[Your task]
Each record that follows is to be reproduced character for character, pictures excepted.

[Supplied data]
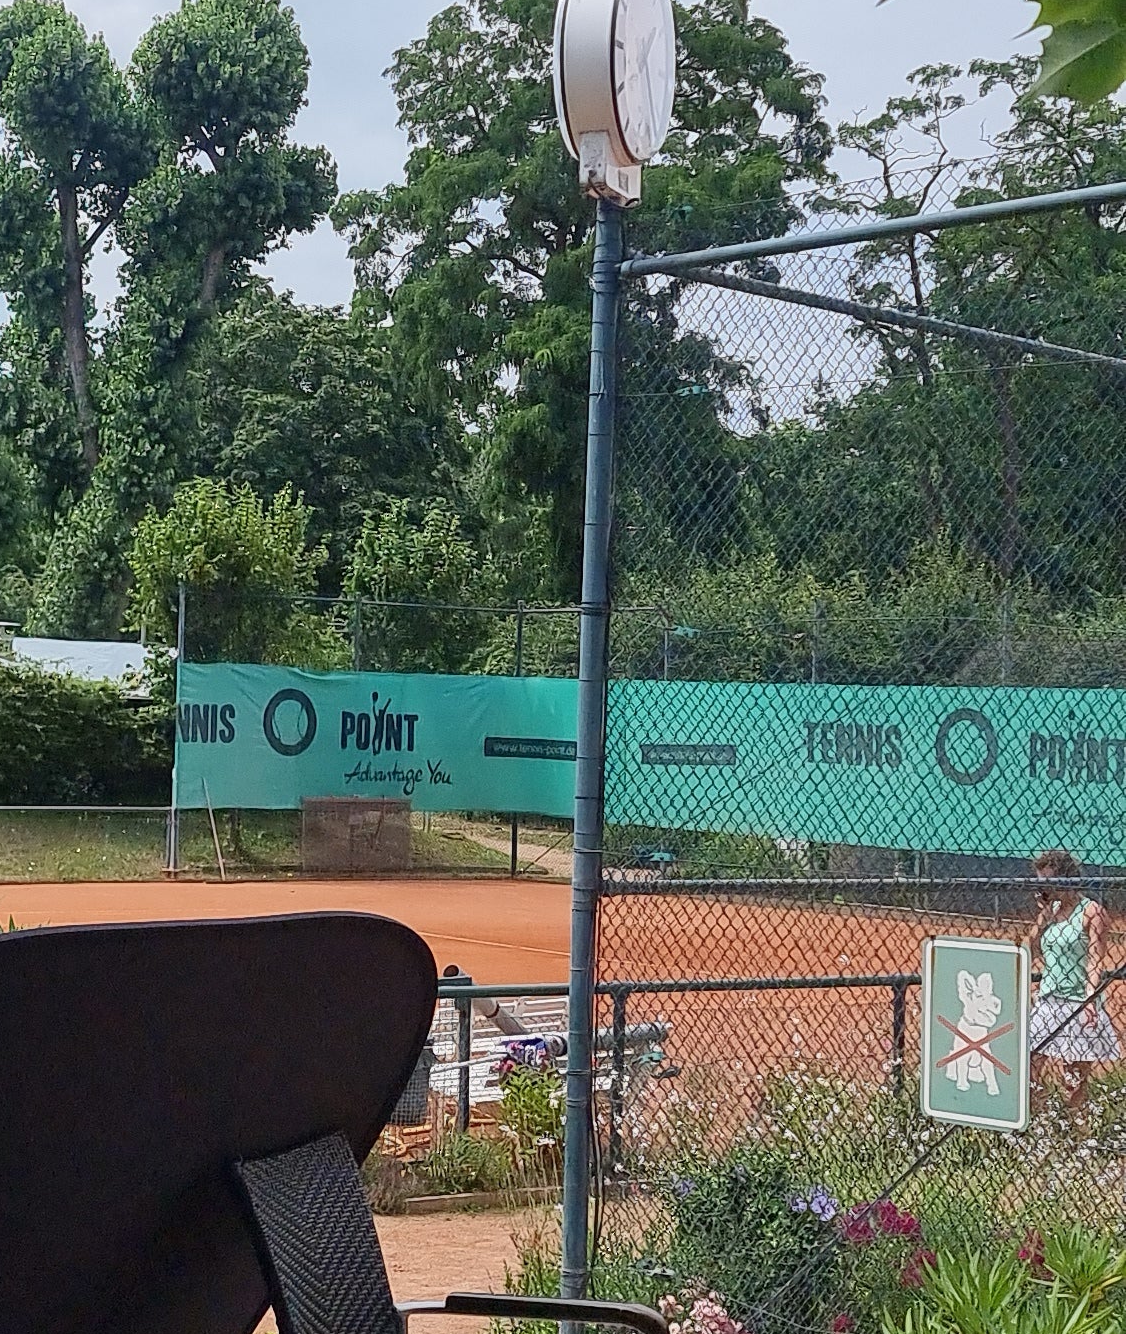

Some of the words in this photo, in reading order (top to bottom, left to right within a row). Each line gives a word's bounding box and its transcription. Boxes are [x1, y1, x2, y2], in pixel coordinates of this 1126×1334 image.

[340, 691, 419, 756] POINT
[803, 721, 903, 768] TENNIS
[344, 760, 423, 796] Advantage
[426, 759, 452, 785] You

[Written answer]
Some of the words in this photo, in reading order (top to bottom, left to right within a row). Each line gives a word's bounding box and its transcription. Boxes are [x1, y1, x2, y2], in pixel coordinates of this 1126×1334 image.

[340, 691, 419, 756] POINT
[803, 721, 903, 768] TENNIS
[344, 760, 423, 796] Advantage
[426, 759, 452, 785] You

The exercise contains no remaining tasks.